* Task directions *
For this exercise, write out every entry exactly and leave the pictures out.

═══ Exercise inputs

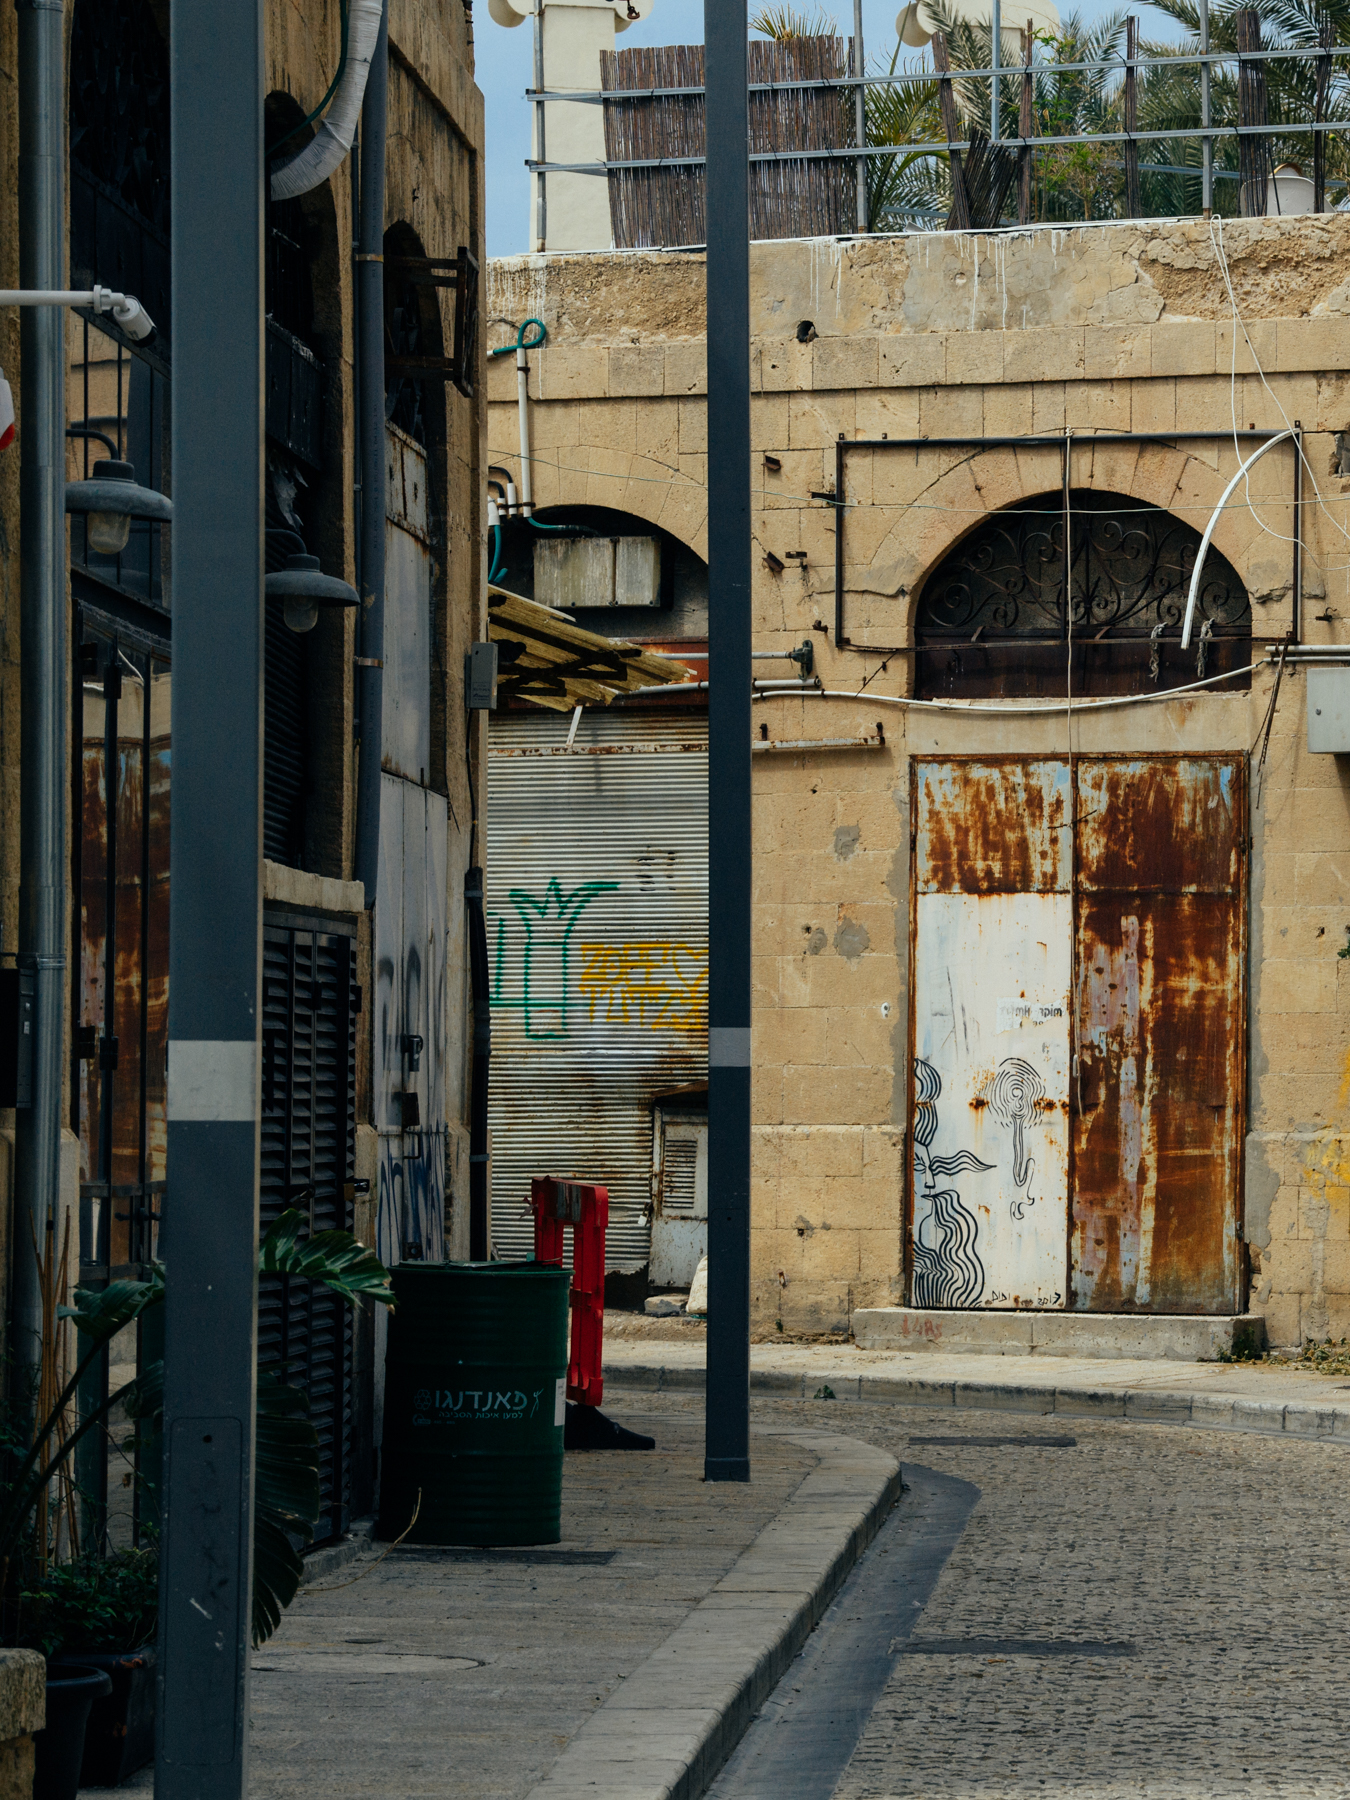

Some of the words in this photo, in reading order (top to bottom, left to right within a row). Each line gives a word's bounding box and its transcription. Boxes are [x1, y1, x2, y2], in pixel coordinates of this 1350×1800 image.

[434, 1389, 528, 1412] פאנדנגו
[438, 1411, 473, 1419] הסביבה
[475, 1411, 500, 1420] איכות
[503, 1410, 523, 1420] למען
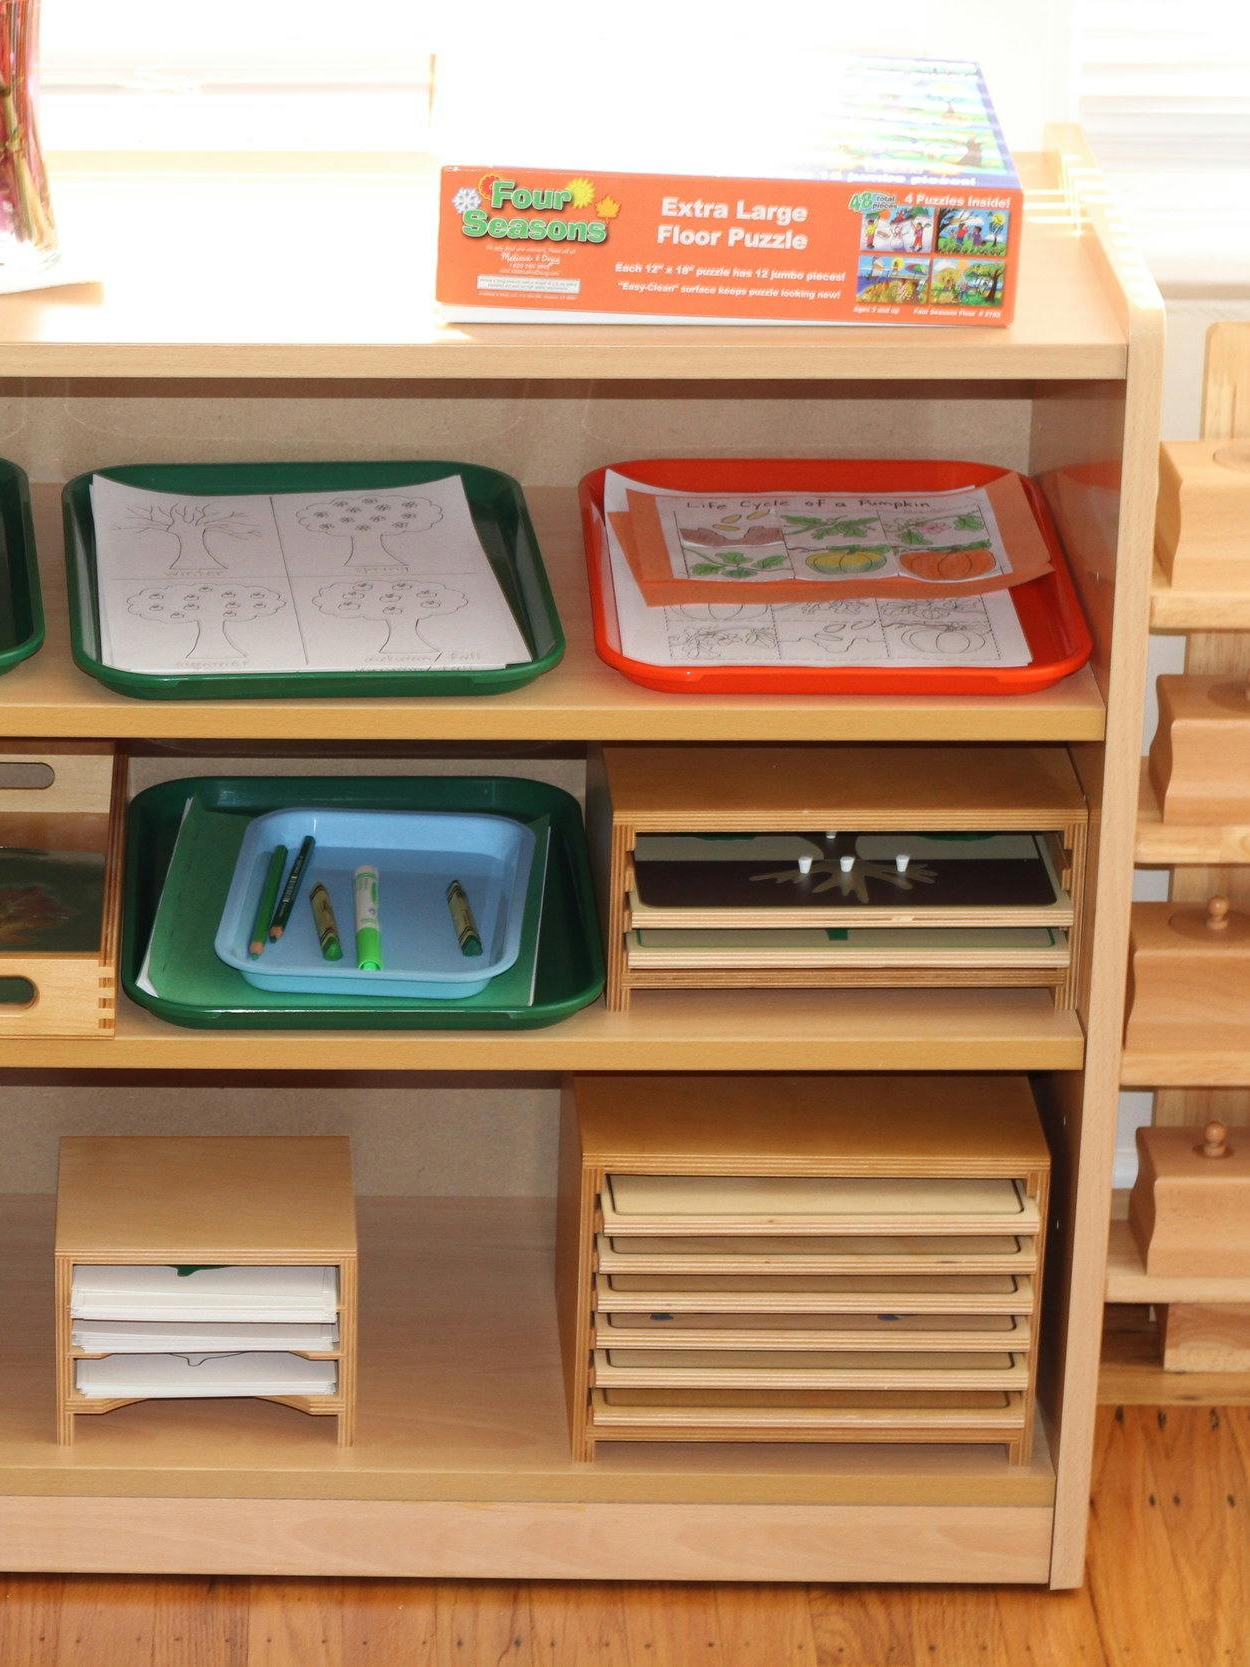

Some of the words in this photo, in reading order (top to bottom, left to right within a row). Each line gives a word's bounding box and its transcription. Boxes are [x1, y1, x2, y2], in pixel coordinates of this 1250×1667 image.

[490, 179, 574, 211] Four
[849, 190, 872, 213] 48
[904, 193, 914, 205] 4
[916, 194, 965, 208] Puzzles
[967, 197, 1012, 210] Inside!
[661, 196, 729, 219] Extra
[736, 199, 809, 226] Large
[462, 208, 608, 244] Seasons
[657, 223, 722, 246] Floor
[727, 226, 809, 251] Puzzle
[614, 262, 643, 274] Each
[695, 267, 730, 279] puzzle
[732, 268, 752, 279] has
[755, 269, 769, 279] 12
[770, 270, 804, 282] jumbo
[806, 272, 847, 284] pieces!
[680, 284, 717, 295] surface
[718, 286, 748, 298] keeps
[749, 287, 779, 299] puzzle
[780, 289, 815, 301] looking
[739, 500, 789, 510] Cycle
[857, 499, 932, 510] Pumpkin

══════

* Answer for this exercise *
Some of the words in this photo, in reading order (top to bottom, left to right within a row). Each line gives a word's bounding box and its transcription. Boxes are [x1, y1, x2, y2], in pixel coordinates of this 1350×1800 image.

[434, 1389, 528, 1412] פאנדנגו
[438, 1411, 473, 1419] הסביבה
[475, 1411, 500, 1420] איכות
[503, 1410, 523, 1420] למען

Some of the words in this photo, in reading order (top to bottom, left to right within a row). Each line gives a word's bounding box and its transcription. Boxes are [x1, y1, x2, y2], in pixel coordinates of this 1250×1667 image.

[490, 179, 574, 211] Four
[849, 190, 872, 213] 48
[904, 193, 914, 205] 4
[916, 194, 965, 208] Puzzles
[967, 197, 1012, 210] Inside!
[661, 196, 729, 219] Extra
[736, 199, 809, 226] Large
[462, 208, 608, 244] Seasons
[657, 223, 722, 246] Floor
[727, 226, 809, 251] Puzzle
[614, 262, 643, 274] Each
[695, 267, 730, 279] puzzle
[732, 268, 752, 279] has
[755, 269, 769, 279] 12
[770, 270, 804, 282] jumbo
[806, 272, 847, 284] pieces!
[680, 284, 717, 295] surface
[718, 286, 748, 298] keeps
[749, 287, 779, 299] puzzle
[780, 289, 815, 301] looking
[739, 500, 789, 510] Cycle
[857, 499, 932, 510] Pumpkin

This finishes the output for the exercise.